Because coaches and managers know that psychological health is THE key to high performance.

Yet since working more often with general organisations, it’s been consistently surprising to experience organisational leadership’s lack of urgent buy-in to the need for psychosocial risk management from the perspective of good business sense. Some leaders are not aware of the psychosocial health-performance link. Some don’t believe the research and statistics because low quality well-being interventions haven’t provided obvious benefits. Some are fearful of exploring the psychosocial health environment of their organisation. Whatever the case, if your organisation wants to improve performance, the most effective way to do so it to follow the lead of sport organisations in prioritising psychosocial health.

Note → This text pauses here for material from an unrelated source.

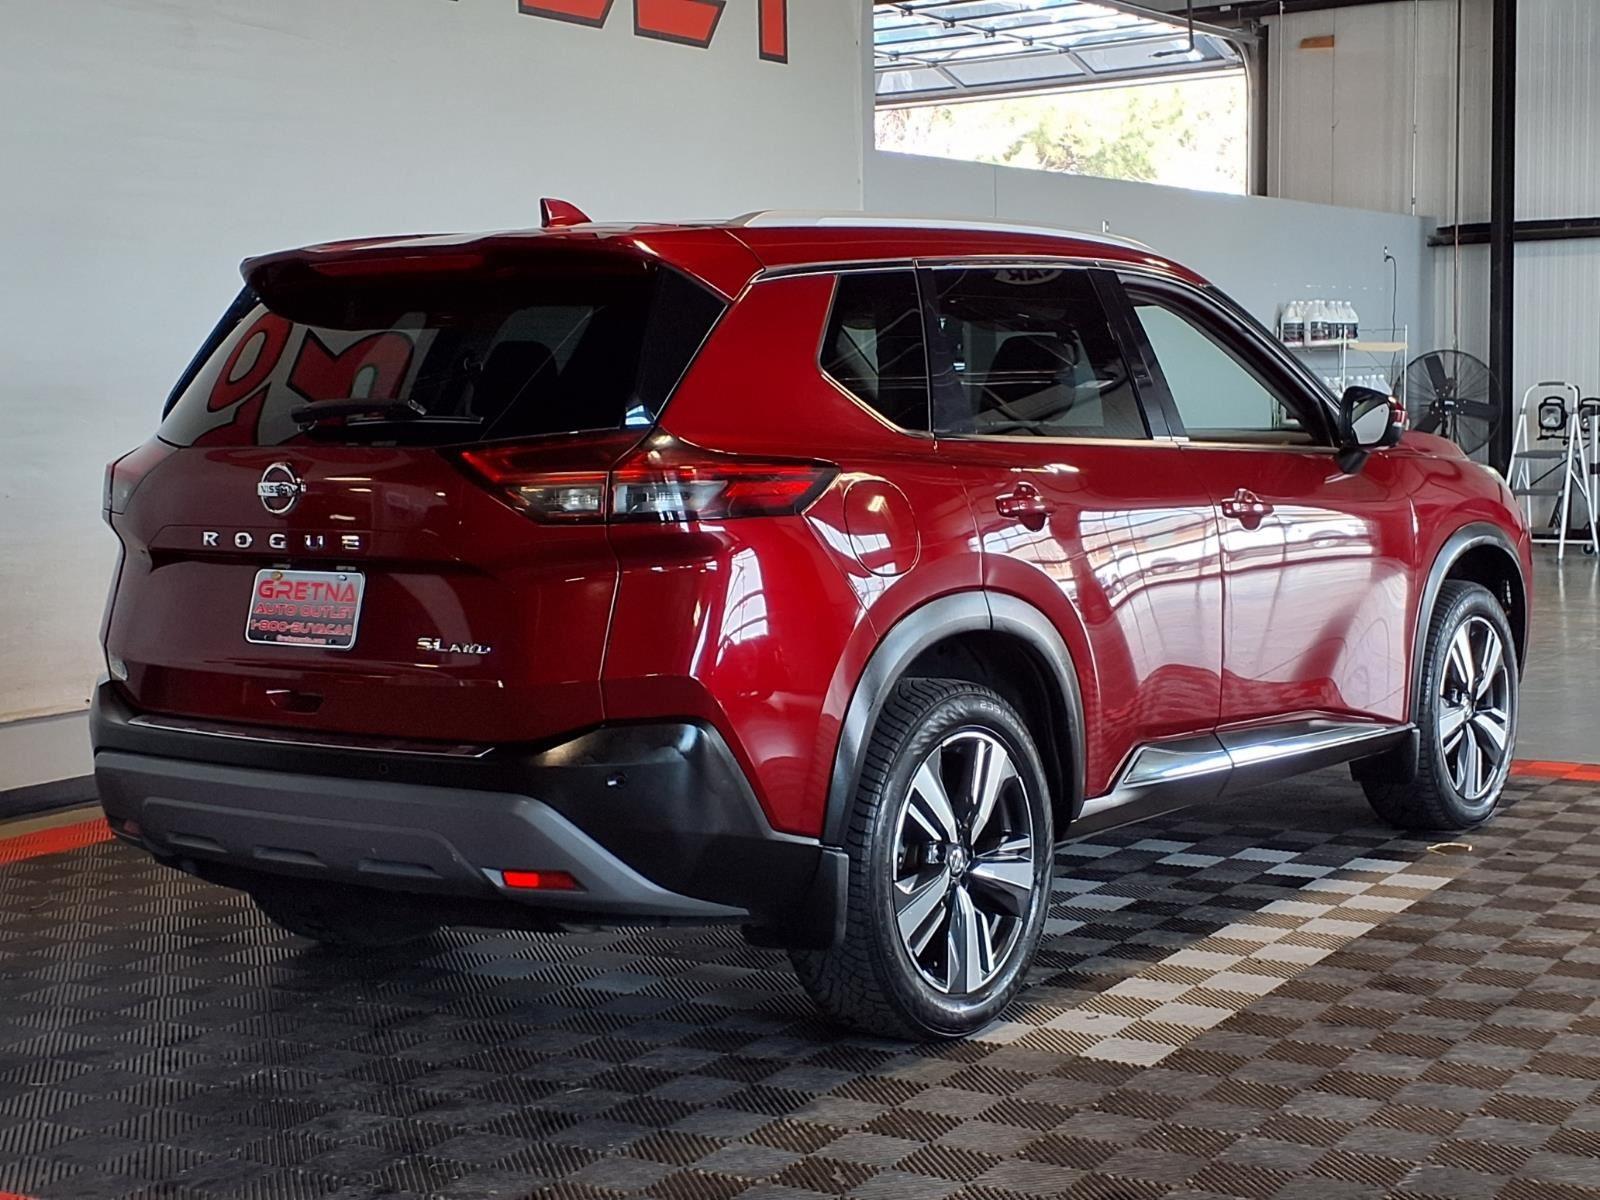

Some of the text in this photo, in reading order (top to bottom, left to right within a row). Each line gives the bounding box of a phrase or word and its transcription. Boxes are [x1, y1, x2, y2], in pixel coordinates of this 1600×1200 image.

  1. The need to measure harms AND benefits to understand risk

Any high performance sport coach knows that to understand an athlete you have to consider strengths and weaknesses…And so the approach to improving performance considers both aspects.

The risk based lens typical of workplace psychosocial risk assessment approaches has grown out of workplace health and safety physical risk prevention where the focus is on reducing harm. And this makes sense for physical risk because there is limited opportunity to benefit workers’ physical safety outside of minimising risk (e.g., getting rid of a dangerous hole that workers might fall in).

But psychosocial risk is different in that to understand risk, we must measure both work factor harms and benefits. This is because with psychosocial risk we have the opportunity to not only reduce harm but in many cases (think manager support and job control) benefit psychological health. And understanding the degree to which workers experience psychosocial work factors as beneficial to psychological health is fundamental to understanding overall risk. We might see this as the positive side of the psychosocial risk coin that is not so relevant with physical risk.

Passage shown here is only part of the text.